(THE DATA Opens)

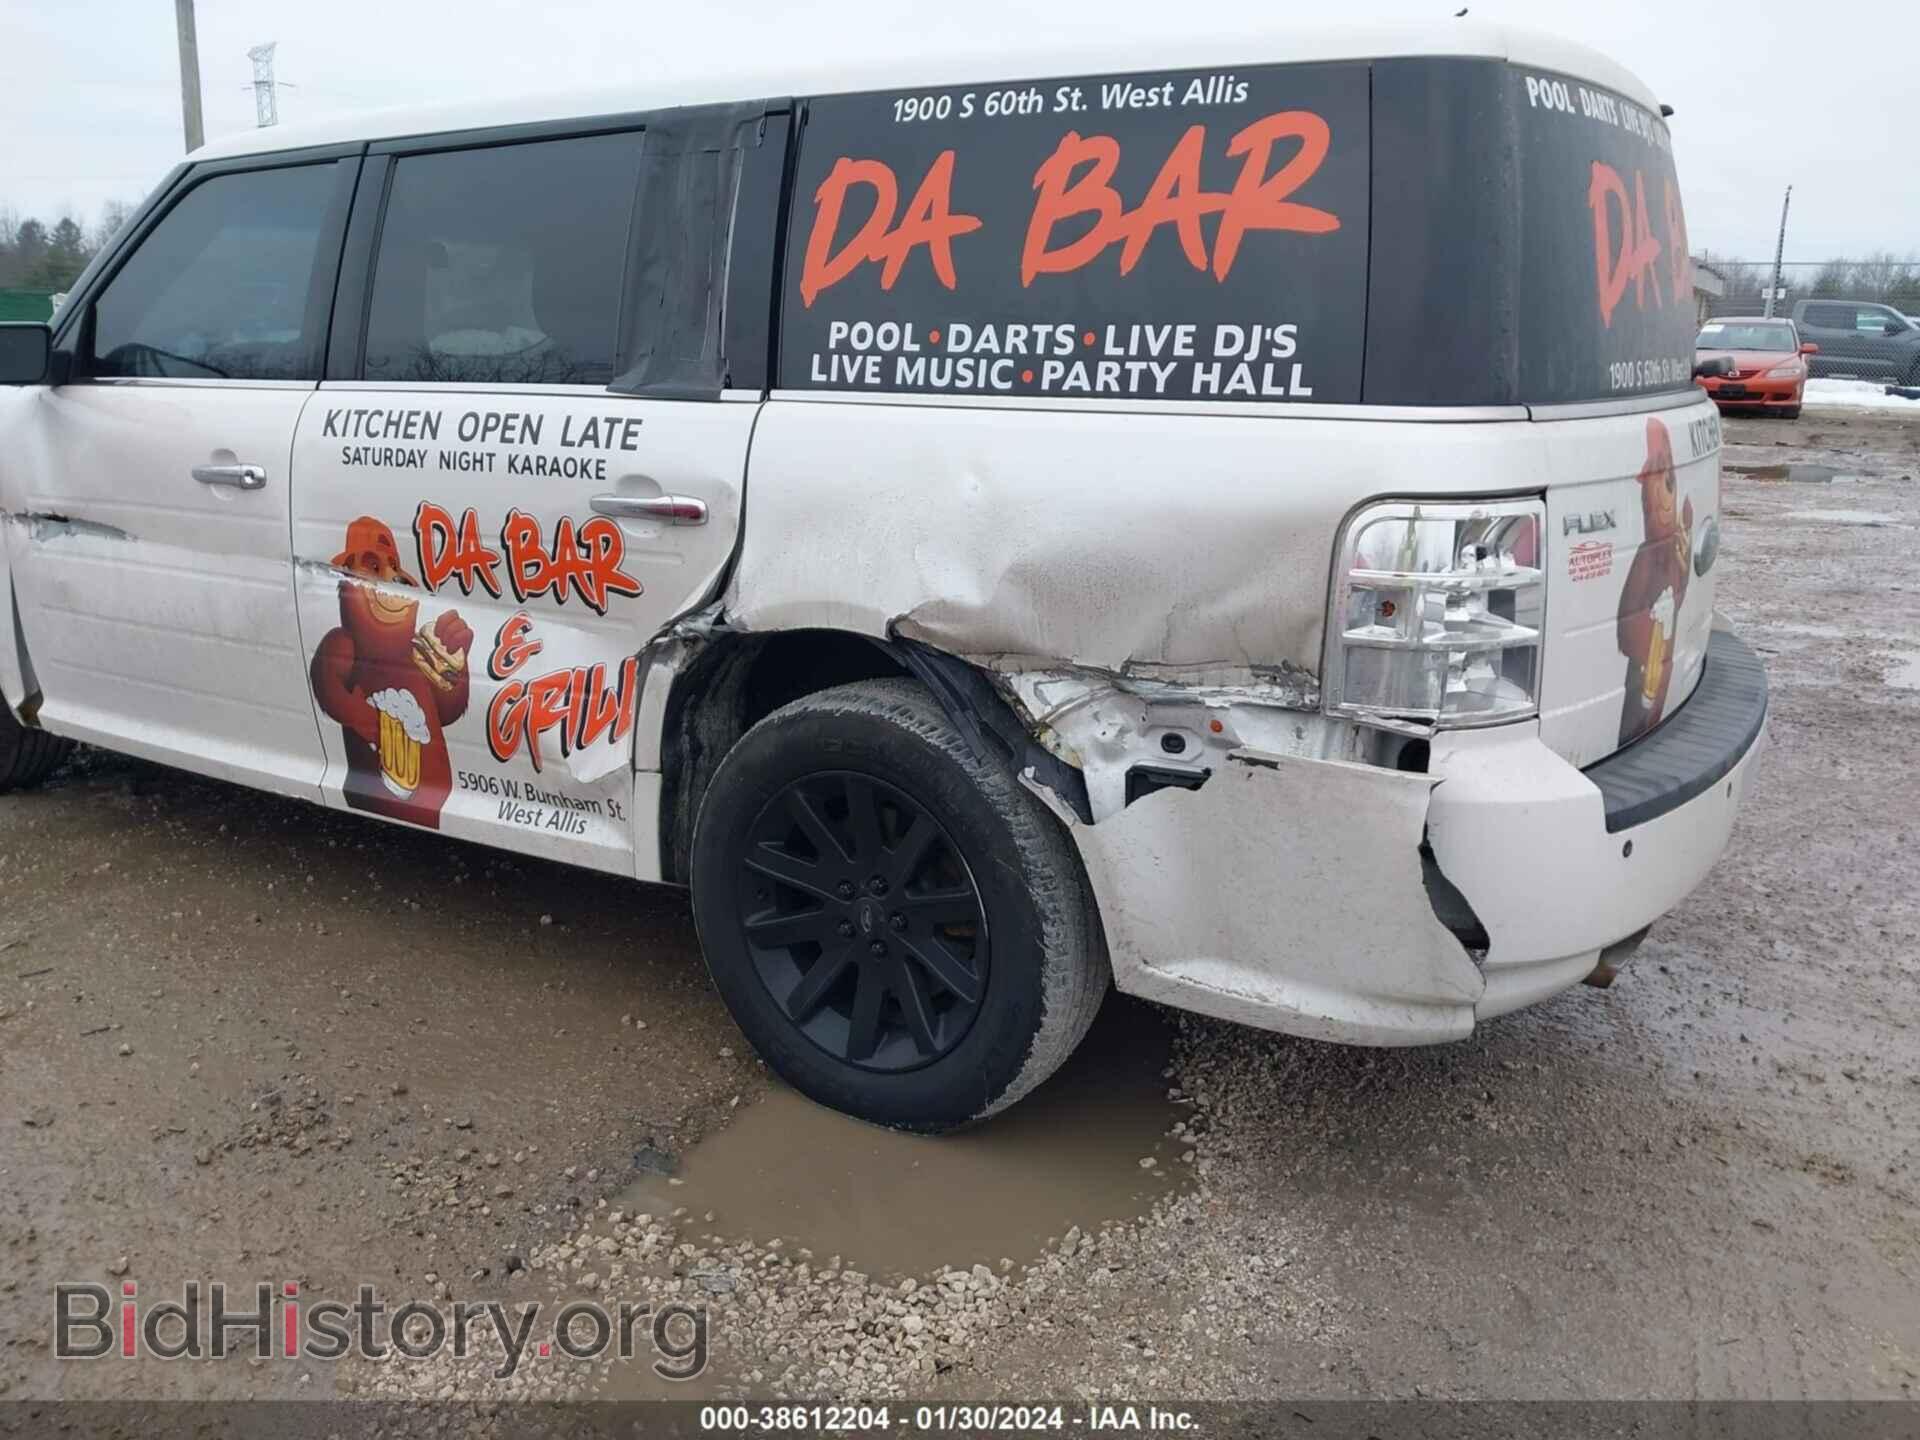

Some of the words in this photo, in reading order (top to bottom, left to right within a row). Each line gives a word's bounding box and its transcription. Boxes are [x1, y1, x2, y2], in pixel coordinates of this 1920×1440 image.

[893, 96, 951, 122] 1900
[959, 93, 975, 119] S
[984, 89, 1043, 116] 60th
[1053, 86, 1088, 113] St.
[1101, 82, 1173, 109] West
[1181, 76, 1249, 105] Allis
[1525, 76, 1576, 114] POOL
[1579, 87, 1618, 127] DARTS
[800, 150, 983, 308] DA
[1021, 110, 1341, 288] BAR
[1588, 160, 1662, 329] DA
[828, 321, 922, 352] POOL
[946, 323, 1077, 357] DARTS
[1103, 324, 1195, 357] LIVE
[1214, 324, 1298, 358] DJ'S
[811, 354, 882, 385] LIVE
[895, 356, 1014, 389] MUSIC
[1040, 360, 1178, 394] PARTY
[1192, 362, 1313, 396] HALL
[1609, 361, 1634, 390] 1900
[323, 408, 442, 441] KITCHEN
[458, 411, 544, 446] OPEN
[560, 415, 643, 451] LATE
[342, 445, 428, 469] SATURDAY
[439, 450, 497, 474] NIGHT
[507, 453, 607, 481] KARAOKE
[1563, 510, 1616, 536] FLEX
[413, 500, 502, 599] DA
[501, 507, 644, 616] BAR
[487, 610, 544, 681] &
[486, 655, 639, 773] GRILL
[458, 770, 499, 796] 5906
[501, 778, 521, 800] W.
[525, 783, 602, 814] Burnham
[608, 798, 626, 822] St.
[498, 801, 544, 827] West
[545, 810, 587, 835] Allis
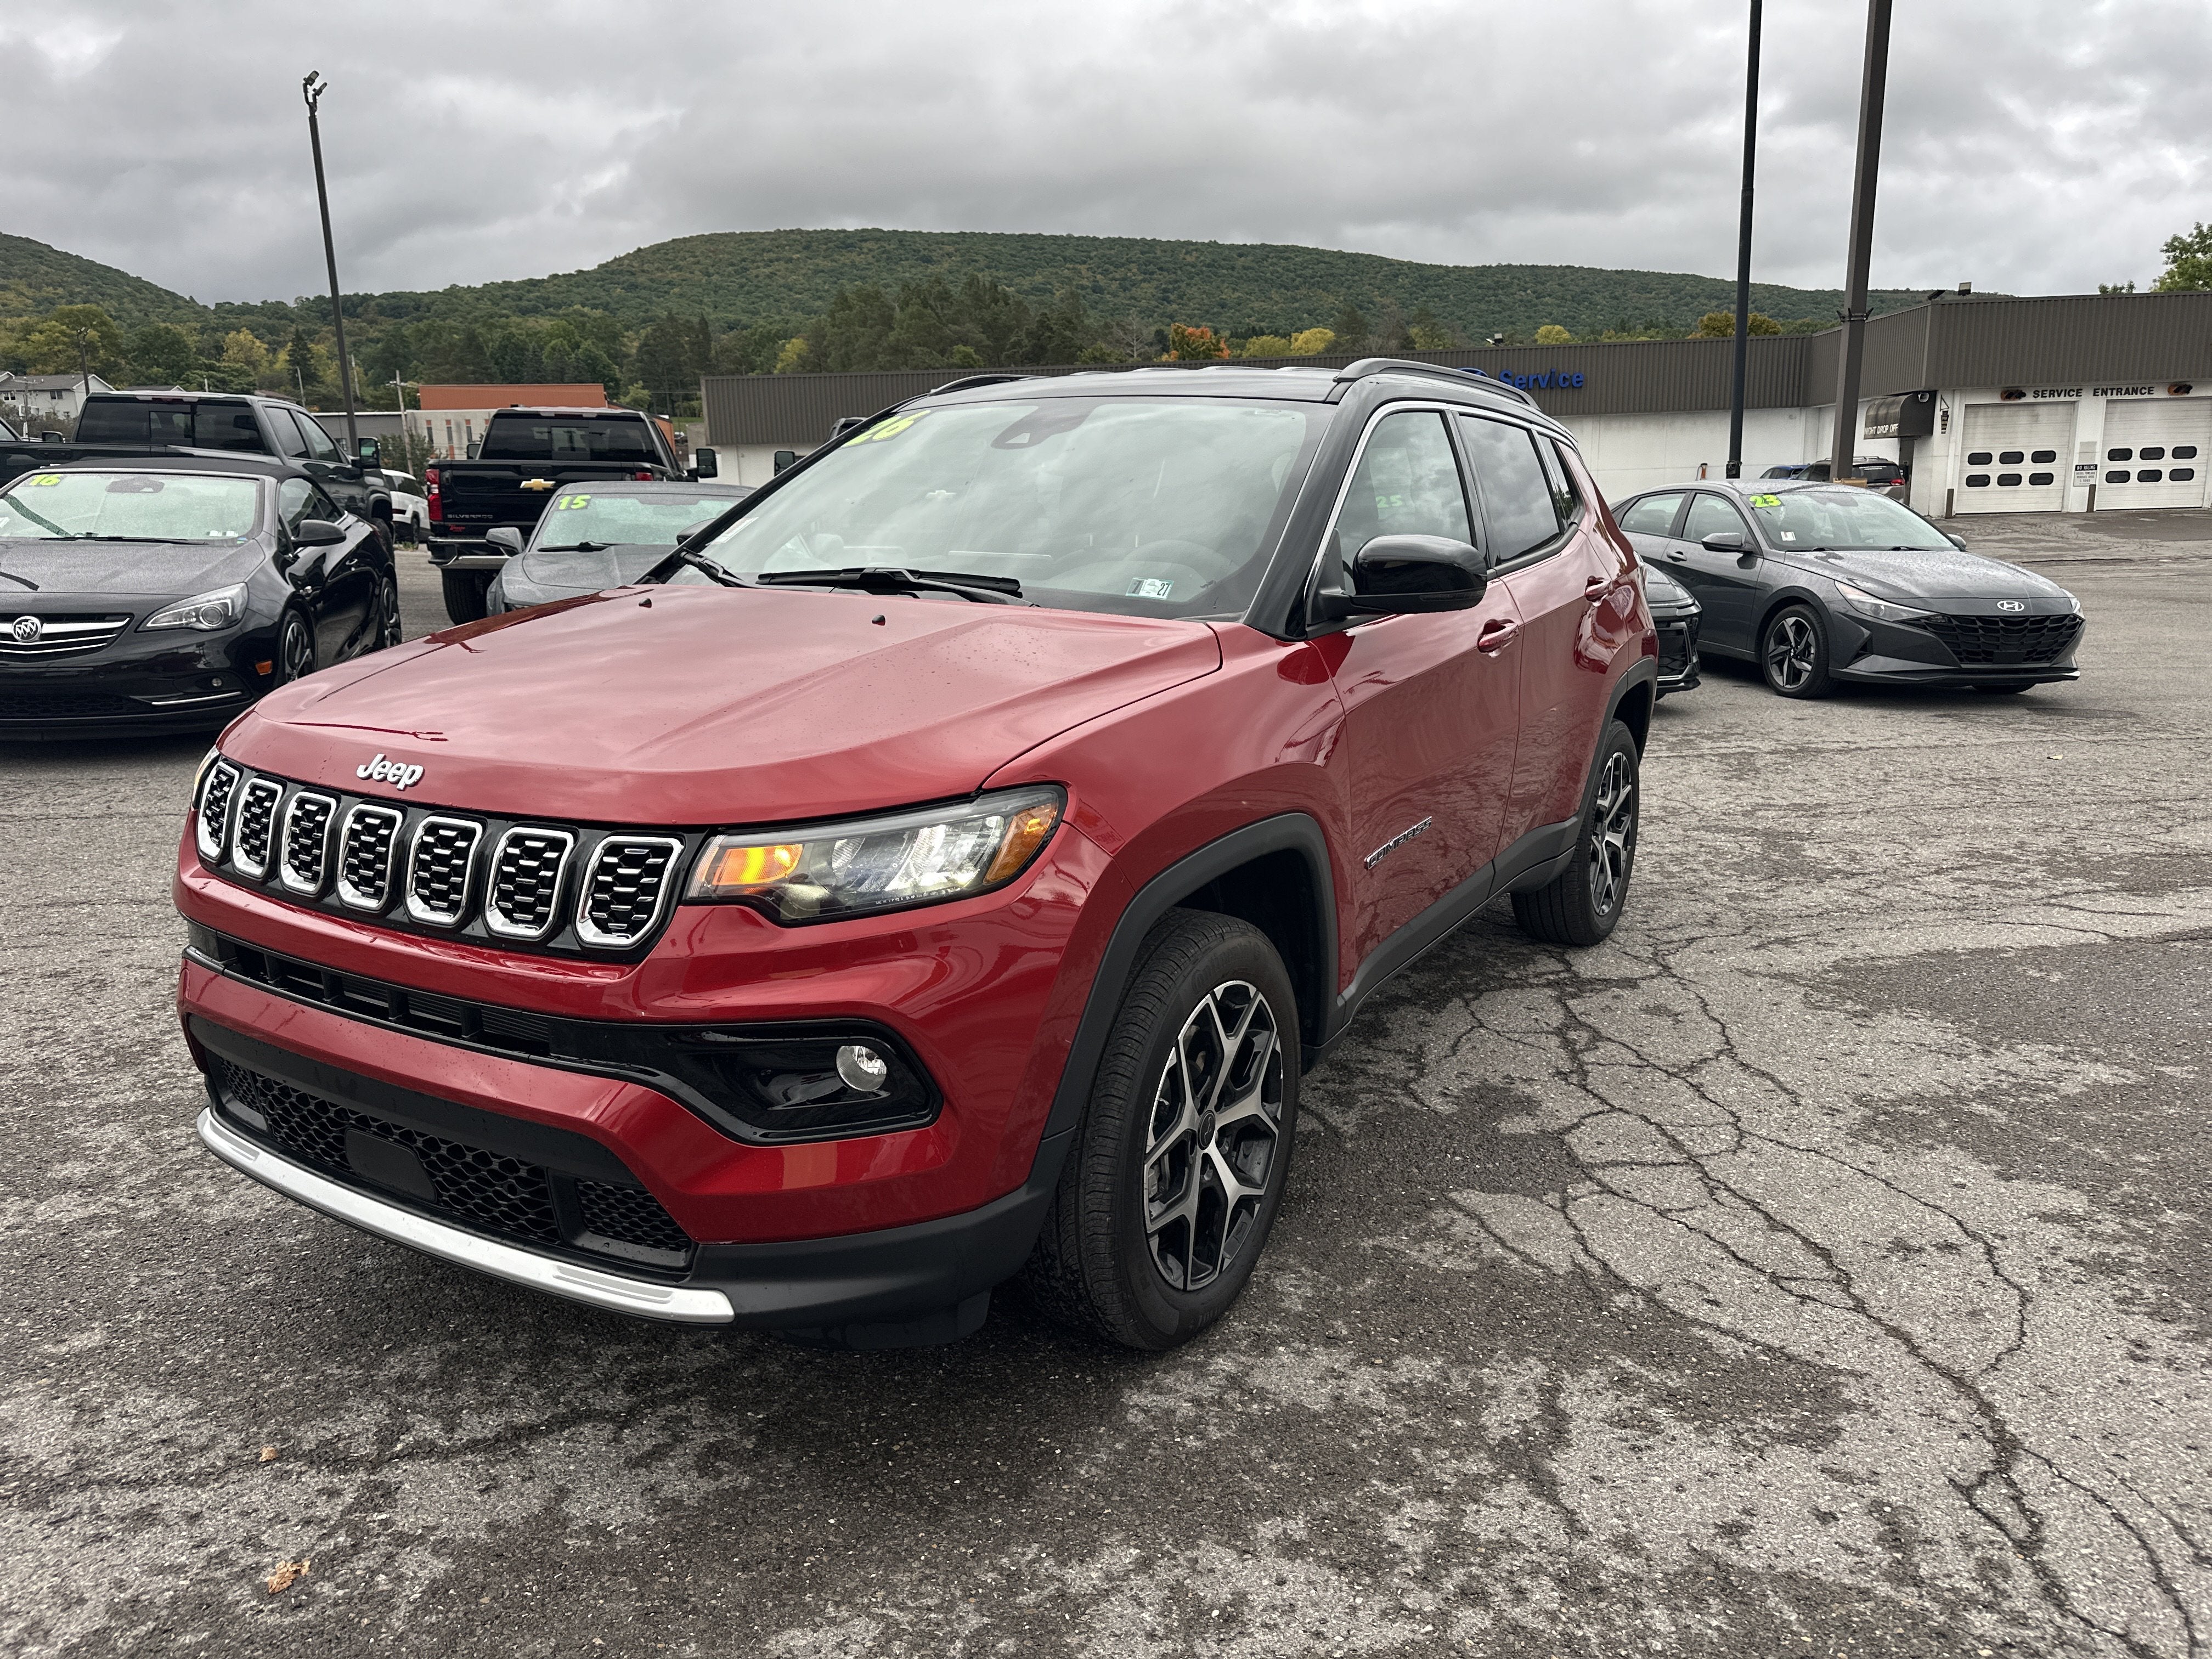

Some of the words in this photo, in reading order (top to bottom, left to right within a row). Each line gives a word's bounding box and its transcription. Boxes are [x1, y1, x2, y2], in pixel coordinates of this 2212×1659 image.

[1498, 368, 1585, 390] Service
[2033, 388, 2083, 398] SERVICE
[2092, 386, 2155, 397] ENTRANCE
[840, 410, 931, 448] 26
[1864, 426, 1877, 435] NIGHT
[1877, 425, 1889, 435] DROP
[1889, 423, 1899, 433] OFF
[29, 473, 63, 486] 16
[558, 495, 591, 510] 15
[1375, 495, 1403, 508] 25
[1749, 494, 1782, 507] 23
[1156, 582, 1171, 596] 27
[356, 753, 424, 791] Jeep
[1364, 816, 1432, 870] COMPASS

(THE DATA Closes)

Set down only these lines, exactly: the one containing "this 2212×1659 image." and each line after it through the end of the entries above.

Some of the words in this photo, in reading order (top to bottom, left to right within a row). Each line gives a word's bounding box and its transcription. Boxes are [x1, y1, x2, y2], in pixel coordinates of this 2212×1659 image.

[1498, 368, 1585, 390] Service
[2033, 388, 2083, 398] SERVICE
[2092, 386, 2155, 397] ENTRANCE
[840, 410, 931, 448] 26
[1864, 426, 1877, 435] NIGHT
[1877, 425, 1889, 435] DROP
[1889, 423, 1899, 433] OFF
[29, 473, 63, 486] 16
[558, 495, 591, 510] 15
[1375, 495, 1403, 508] 25
[1749, 494, 1782, 507] 23
[1156, 582, 1171, 596] 27
[356, 753, 424, 791] Jeep
[1364, 816, 1432, 870] COMPASS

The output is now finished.